A sharing economy has many facets, but is a mode of consumption whereby goods and services are not owned by a single user, but rather only temporarily accessed by members of a network. A shared economy can also be called an on-demand economy, circular economy, gig economy, peer-to-peer economy, and a collaborative economy. Each of these has its own unique definition and nuance that we will dive into. Sharing economies allow individuals to make money from their assets and share as a service. The easiest example is Lyft or Uber. Individuals can use their car to provide a taxi service for a fee. Another great example is Airbnb. Homeowners can rent spare bedrooms or homes when they are not using the asset and thus are sharing their underused asset.

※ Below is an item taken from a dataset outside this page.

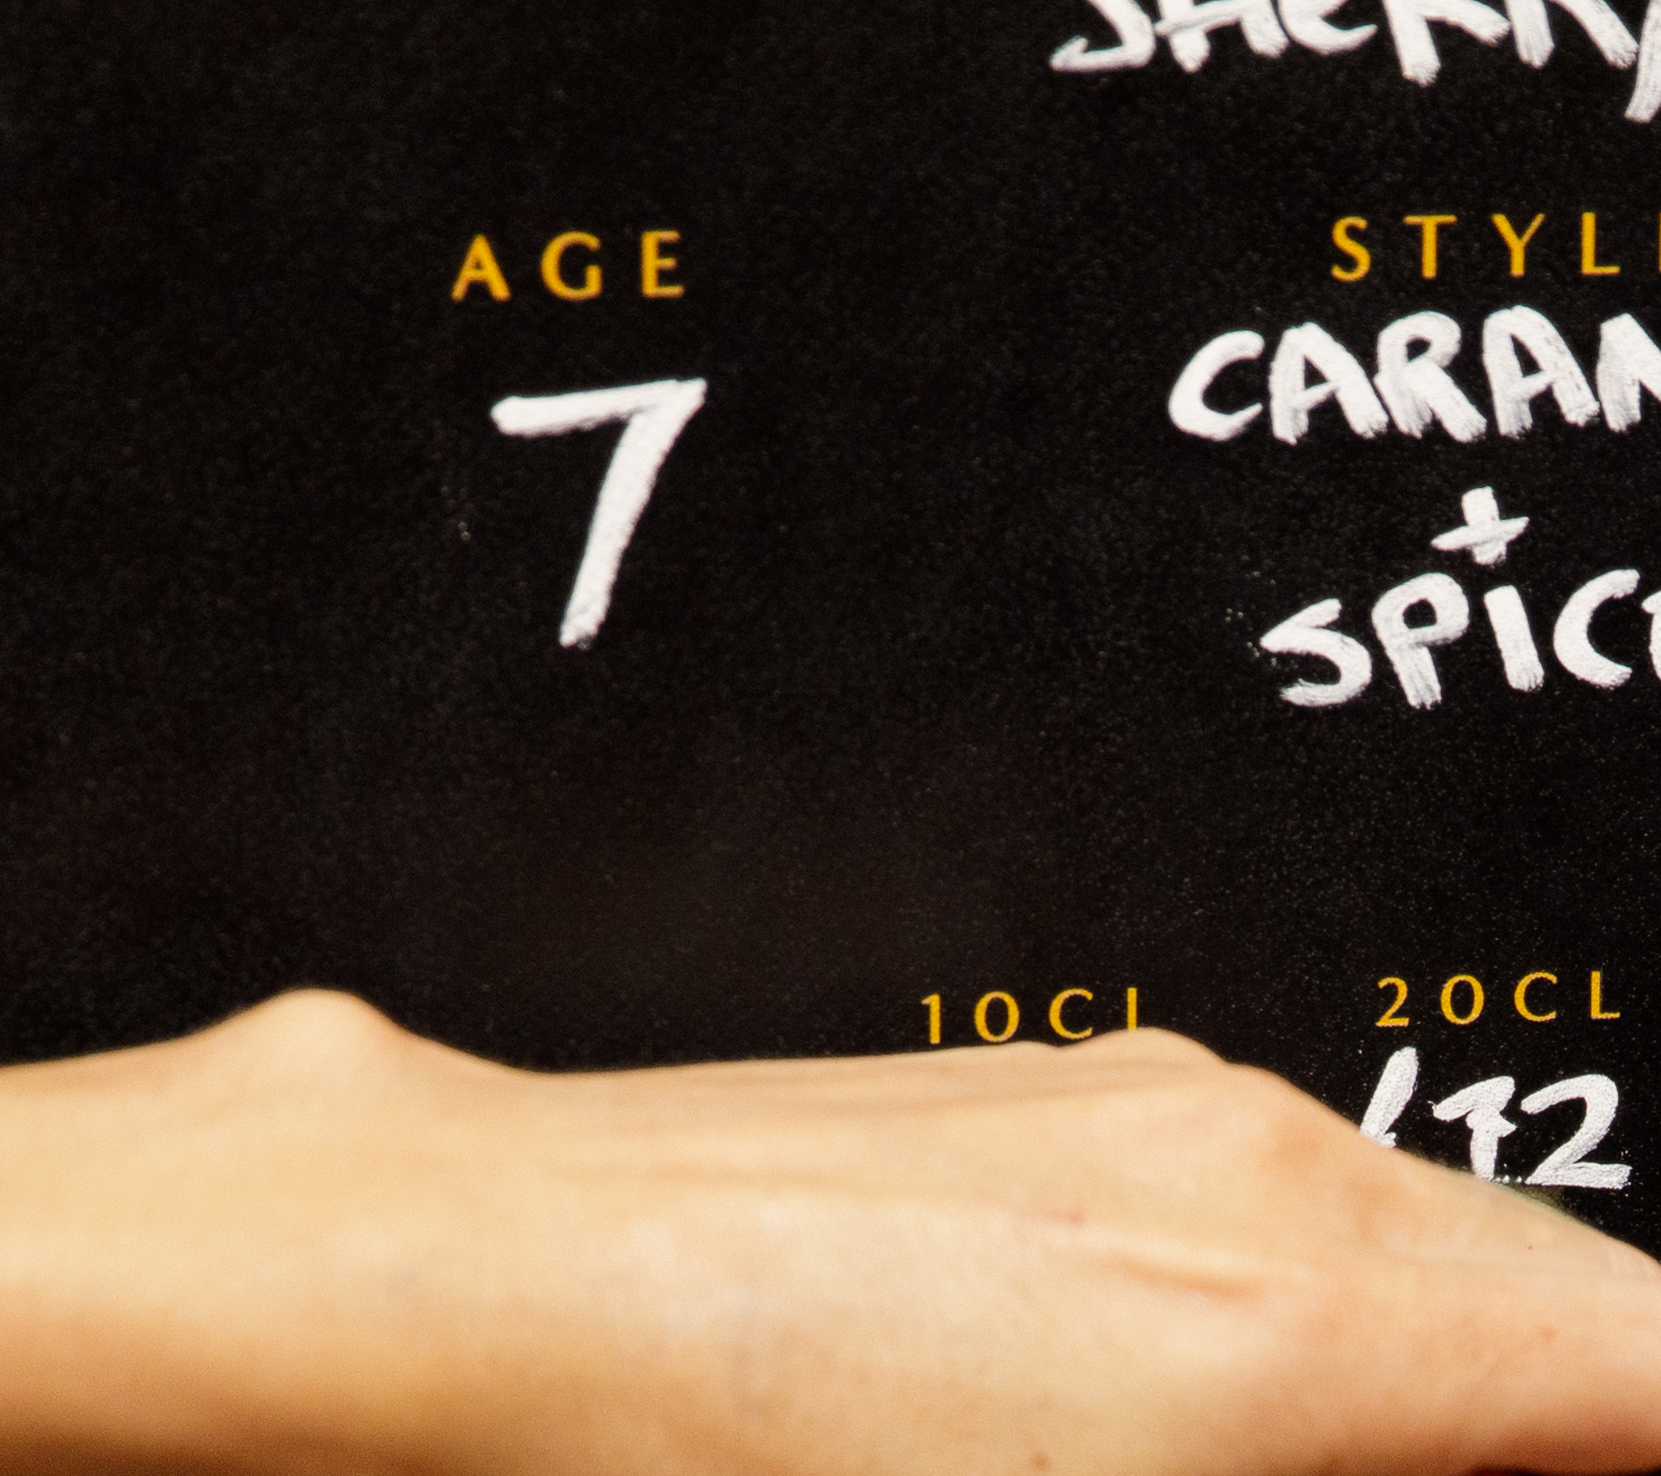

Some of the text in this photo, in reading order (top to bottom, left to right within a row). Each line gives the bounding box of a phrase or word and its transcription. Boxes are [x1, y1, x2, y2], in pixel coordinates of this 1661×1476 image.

Below is a summary of all of the types of a sharing economy

  • Collaborative economy: focus on collaborative forms of consumption
  • On-demand economy: focus on “on-demand” goods and services
  • Gig economy: focus on workforce participation and income generation via “gigs”. These are single or one-time projects or tasks.
  • Freelance economy: focus on workforce participation and income generation by freelancers, who are independent workers. Major companies include TaskRabbit, Care.com, and Upwork. While traditional full-time employment may never go away, these talent marketplaces allow for more flexible and sometimes more interesting job employment. If you have a unique skill, these platforms allow you to earn money by providing them a needed service.  The biggest advantage here is this creates a more liquid marketplace for knowledge and talent. It gives the employee a big advantage to take his or her career where he or she wants to.
  • Peer economy: focus on peer-to-peer (P2P) networks in the creation of products or services. Lending Club and other similar sites like it allow people to lend one another money, with much lower interest rates and fees than traditional credit cards or bank loans. Investors earn solid returns and borrowers get more competitive rates, all facilitated by the platform. The peer economy has grown tremendously over the last few years as many borrowers are unable to borrow from a traditional banking institution. Now a borrower can go to Lending Club and borrow from an individual directly. The platform itself is not taking any lending risk as it only provides a “location” for individuals to borrow and lend money. This does create risk for individual lenders as they are putting their own capital at risk and may be lending to people who may not pay them back.
  • Crowd economy: focus on economic models powered by “the crowd”, such as crowd funding. The most common companies are Kickstarter and Indiegogo. Entrepreneurs, artists, and other individuals can reach out to the community for potential funders and can have a set fundraising amount. The biggest difference in crowdfunding vs. peer to peer lending is the recipients usually are not expected to repay the funds back. Sometimes you can receive merchandise or equity, but many times you are giving money as a grant or charity contribution.
  • Digital economy: focus on anything powered by digital technologies
  • Platform economy: focus on anything powered by tech-centric platforms

A lot of companies could easily fall under multiple definitions described above. TaskRabbit is a great example as it would fit under the on-demand economy, gig economy, and collaborative economy. 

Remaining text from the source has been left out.